Selcuk & The Turkish Hamam

“I hope you will go out and let stories happen to you, and that you will work them, water them with your blood and tears and your laughter ‘till they bloom, ‘til you yourself burst into bloom.”  - Clarissa Pinkola Estes

I was told at least a dozen times along my trip how amazing the ancient city of Ephesus and how much I would be blown away by it.  I arrived in Selcuk on an overnight bus.  After checking in and freshening up, I headed out and walked the 3 kilometers to the site.

While it was impressive, I realized after an hour of wandering around that the main sites are a massive ancient theater and the facade of a huge building.  Beyond that it all was just ruins of various buildings that are now piles of ancient stones.  And to quote Forrest Gump, “That’s all I have to say about that.”

Over the rest of this post I will have to admit to several things in order to tell this story properly.

On my second day, I decided that I was going to partake of a traditional Turkish Bath, or Hamam.  I told the man in the lobby that I was going to the Hamam as I left the hotel.  At first, I thought the fact that he didn’t ask if I needed directions was a sign that I seemed confident in finding a business in such a small town.  After all, I knew that it is right near the police station.

So off I went, walking around the town.  I went one way and then another.  I like finding my way around in different cities…for a while.  Then as the rain started to gently fall, I decided to man up and ask for directions.  One thing that I’ve learned about Turkish people is that as nice as they are, they are lousy with directions (especially with judging distances).

One man (a cop) tells me about 200 meters, so I go 200-300 meters and walk the block to find nothing.  Then I ask a different man in that area and he says keep going another 500 meters.  I walk on and finally ask a third man.  He tells me to take the first left and it will be like 10 meters.  Turns out he’s close, it was the first left but more like 50 meters or so.

The first thing I am confronted with is the language barrier.  We agree on the 35 lira price (about $20-22) and I am directed to a small room to change.  I strip down and wrap what feels like a small table cloth (and it looks like one too) around me.  I go back to the lobby wearing the small plastic bath shoes provided and am led through two doors to a steamy room with stalls on each side.

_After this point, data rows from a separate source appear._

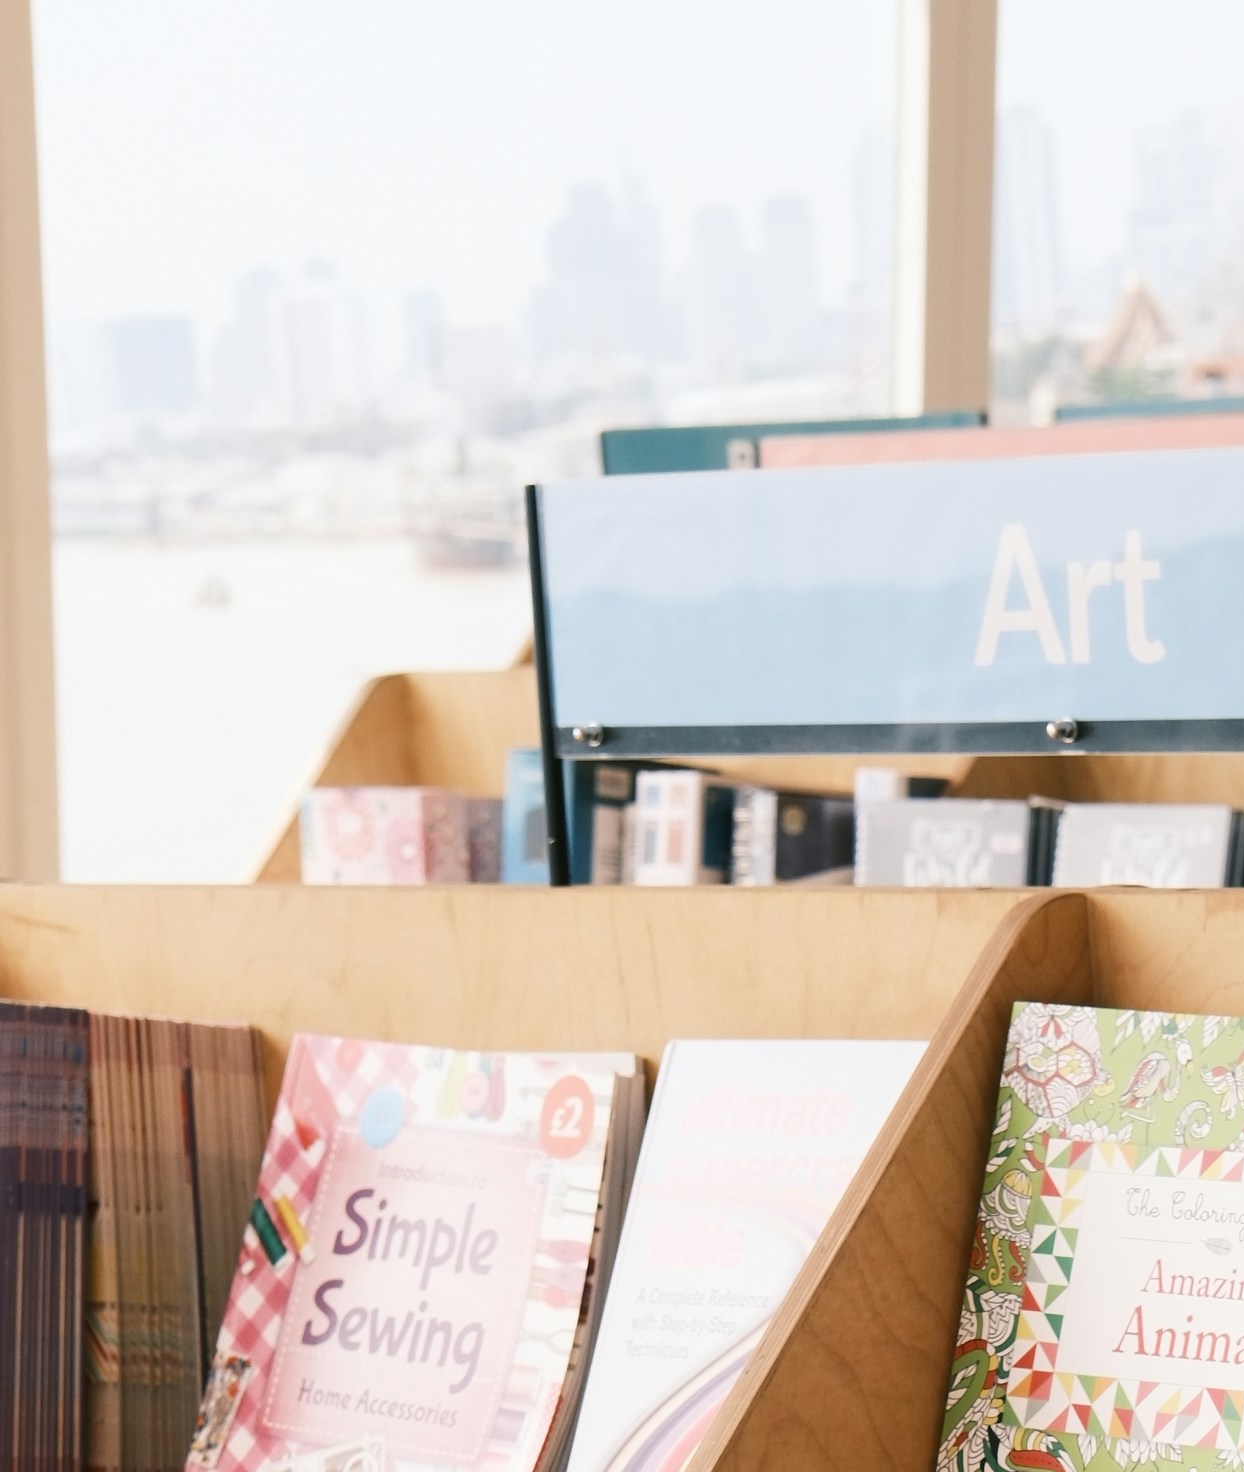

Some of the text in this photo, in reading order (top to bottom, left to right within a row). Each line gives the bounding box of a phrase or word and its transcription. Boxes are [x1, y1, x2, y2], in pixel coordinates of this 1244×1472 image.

[974, 523, 1166, 666] Art
[549, 1095, 583, 1138] £2
[378, 1161, 487, 1190] Introduction to
[1126, 1187, 1160, 1218] The
[332, 1188, 498, 1290] Simple
[301, 1279, 485, 1394] Sewing
[298, 1378, 458, 1428] Home Accessories
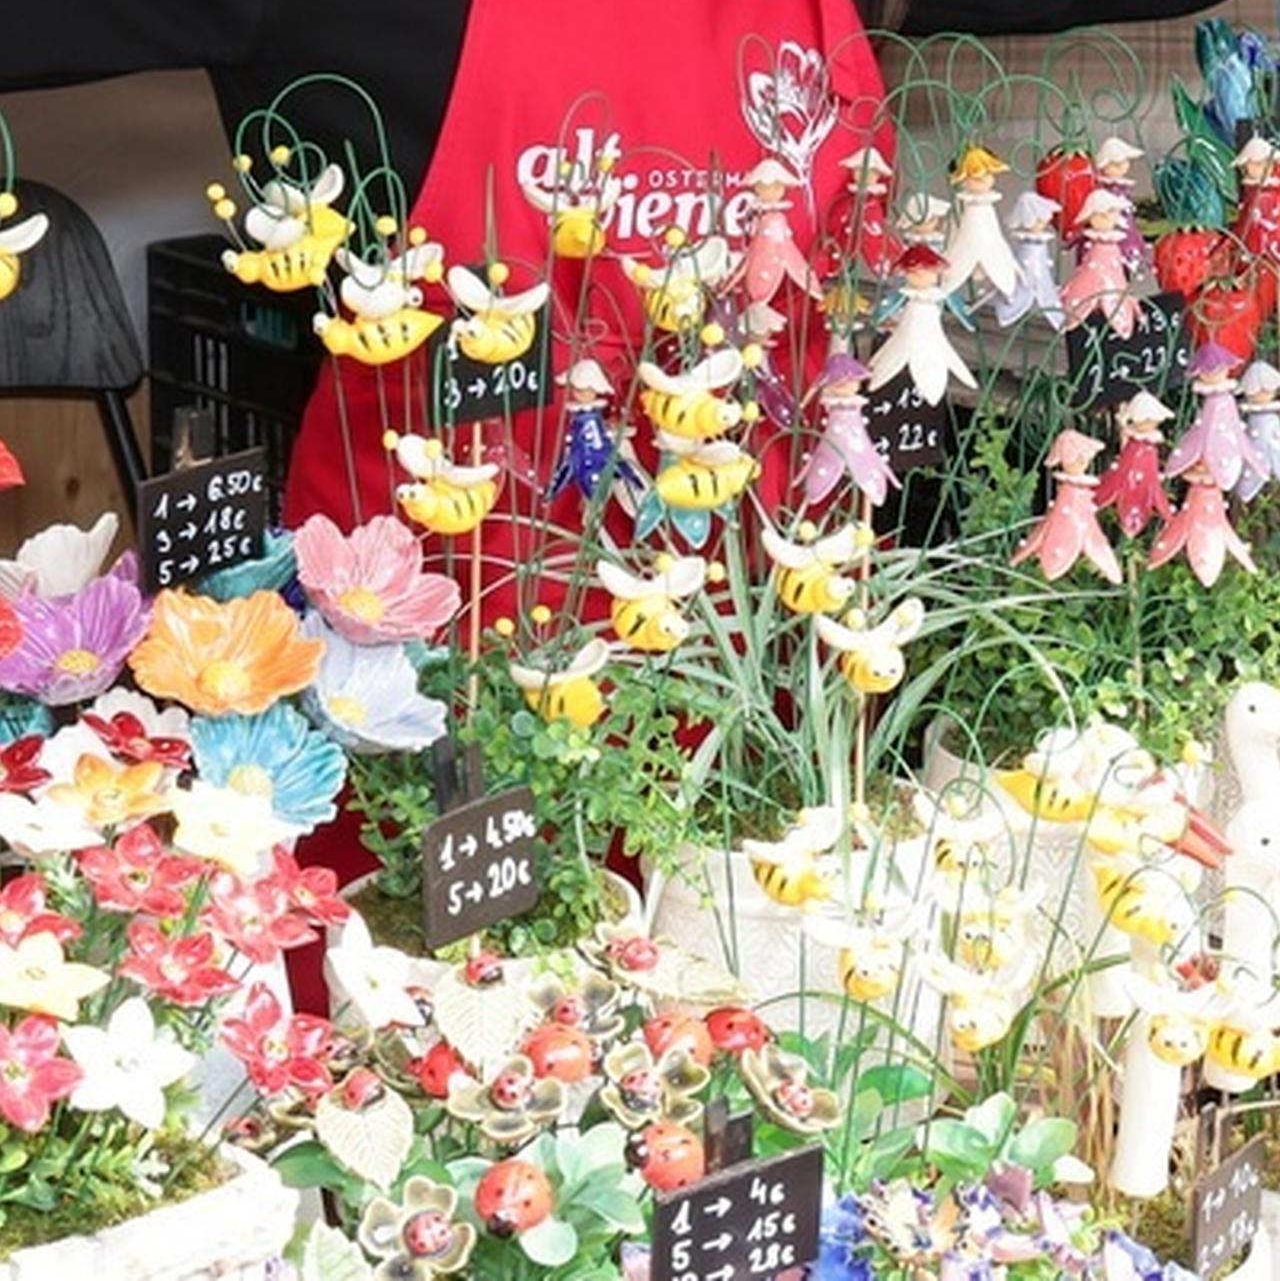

The man pours water on me and tells me to lay head first on to an octagon shape slab of marble.  I lay there for a long while face down and finally turn over.  The heat coming through is relaxing my muscles quite well.  A couple more men come in and they go to the stalls first and then join me on the marble.

And then the old man reenters and directs me to lay on a different area.  I was quite comfortable where I was, but I obligingly get up and go to lay on the new space.

Holy searing of skin, Batman!  You know those times when you would challenge your friend to drink a slurpie faster than you just to watch the brain freeze expression on his face?  And then you pull out all your persuasive powers to see if you can get him to do it again?  Admission number one, I was usually the one getting the brain freeze, but in a sick sort of way I kind of liked the experience.

I am not sure, but I’m pretty certain that I was the butt of a “let’s see how long the stupid American will lay here” joke.  I made about 5-10 seconds on my back, and then I let him convince me to try it on my stomach for another 5 seconds or so.  I’m not kidding when I say that I thought my skin might actually start cooking.  I cried “uncle” or whatever word for I give up you want to use and quickly got up.

I made it back to the marble octagon and shifted back to a state of relaxation.  Soon a Turkish man in his 40′s who was sporting one of the best Burt Reynolds in the early 80′s mustaches I’ve ever seen came over and motioned me to one of the slabs at the end of the room.

I started on my stomach as he took a brush that falls somewhere between a loofah and a brillo pad.  Admission number two, I used to own and use a loofah…and I liked it.

As he scrubbed me from head to foot on both sides, I felt like he was scrubbing away a week or more worth of stress.  Next he had me move to another slab where I was soaped up and scrubbed again with a slightly less harsh brush.

Once that was done, I was given a quick but very intense massage.  Then he had me sit up so he could pour hot water over me to rinse me off.  I could literally feel layers of dead skin being washed away.

After all of this, it was back to the marble octagon.  I laid there for a long while before going and rinsing off in the stalls along the side.

As I left the bath area, my head was wrapped with a towel and I was instructed to sit for a while to cool down.  I get a special joy from trying to figure out what is going on while watching foreign television stations and this time was extra special as it seemed to be a Turkish day time talk show.  I tried to guess the theme and the closest I could come was some sort of couple counseling episode.

At long last, I got up and went back to the room to change.  I paid the 35 lira and as I walked out of the door I felt almost like a brand new man.  I was definitely a layer of skin cleaner and my core body temp had been raised for quite a while.  All in all, I had a great time.